Let $\mathfrak{p}_{0}:{\mathrm{T}}^{3}\cong{\mathbb{T}}^{2}\times S^{1}\to{\mathbb{T}}^{2}$ be the standard projection along $S^{1}$ . For every primitive class ${\mathfrak{h}}\in H_{1}({\mathbb{T}}^{3};{\mathbb{Z}})$ , there exists $A_{\mathfrak{h}}\in\mathrm{SL}(3;{\mathbb{Z}})$ with $A_{\mathfrak{h}}\cdot\mathfrak{h}=[\mathfrak{p}^{-1}({\mathrm{pt}})]_{\mathbb{Z}}$ , so that the fibres of the oriented $S^{1}$ -bundle

\mathfrak{p}_{\mathfrak{h}}:=\Psi_{A_{\mathfrak{h}}}^{*}\mathfrak{p}_{0}

lie in the homology class ${\mathfrak{h}}$ . The map $A_{\mathfrak{h}}$ is not unique. However, if $A_{\mathfrak{h}}^{\prime}$ is another such map, then $\Psi_{A_{\mathfrak{h}}^{\prime}}^{*}\mathfrak{p}_{0}$ and $\Psi_{A_{\mathfrak{h}}}^{*}\mathfrak{p}_{0}$ are equivalent bundles, and up to equivalence, $\mathfrak{p}_{\mathfrak{h}}$ depends only on $\mathfrak{h}$ .

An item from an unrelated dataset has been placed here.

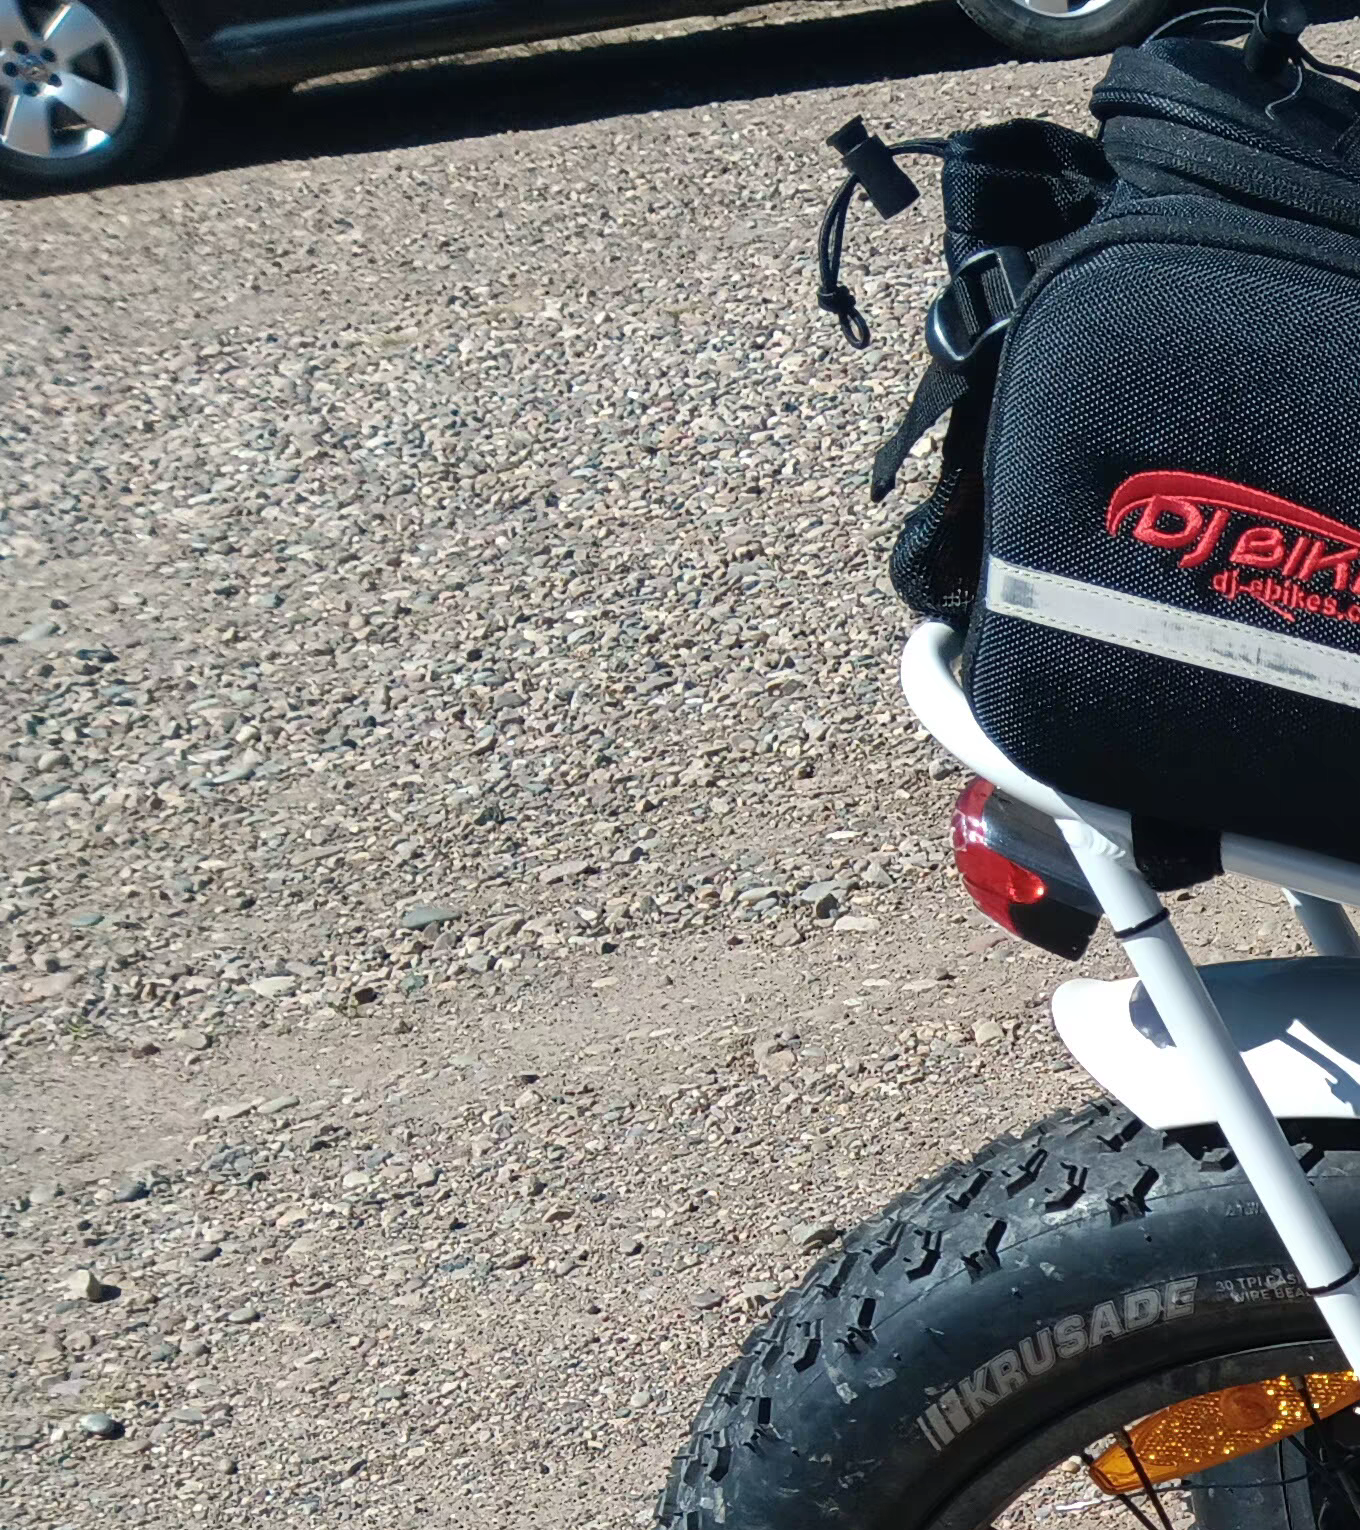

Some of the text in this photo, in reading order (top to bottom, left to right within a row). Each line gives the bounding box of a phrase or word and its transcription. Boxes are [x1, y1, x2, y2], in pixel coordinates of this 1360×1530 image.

[1133, 495, 1230, 569] DJ
[1237, 1275, 1262, 1289] TPI
[966, 1276, 1199, 1416] KRUSADE

On the other hand, if $\mathfrak{p}\in\mathfrak{P}({\mathbb{T}}^{3})$ , we claim that $\mathfrak{p}_{[\mathfrak{p}^{-1}({\mathrm{pt}})]_{\mathbb{Z}}}$ and $\mathfrak{p}$ are isotopic. Indeed, let $\Psi:{\mathbb{T}}^{3}\to{\mathbb{T}}^{3}$ be an orientation-preserving diffeomorphism with $\Psi^{*}\mathfrak{p}_{0}=\mathfrak{p}$ , as in (5.3). The equality $H_{1}(\Psi)([\mathfrak{p}^{-1}({\mathrm{pt}})]_{\mathbb{Z}})=[\mathfrak{p}^{-1}_{0}({\mathrm{pt}})]_{\mathbb{Z}}$ implies that $H_{1}(\Psi)=A_{[\mathfrak{p}^{-1}({\mathrm{pt}})]_{\mathbb{Z}}}$ so that there holds $\mathfrak{p}_{[\mathfrak{p}^{-1}({\mathrm{pt}})]_{\mathbb{Z}}}=\Psi_{H_{1}(\Psi)}^{*}\mathfrak{p}_{0}$ . Moreover, since $\Psi$ and $\Psi_{H_{1}(\Psi)}$ are isotopic due to (5.4), $\Psi_{H_{1}(\Psi)}^{*}\mathfrak{p}_{0}$ is homotopic to $\mathfrak{p}$ and the claim is proven.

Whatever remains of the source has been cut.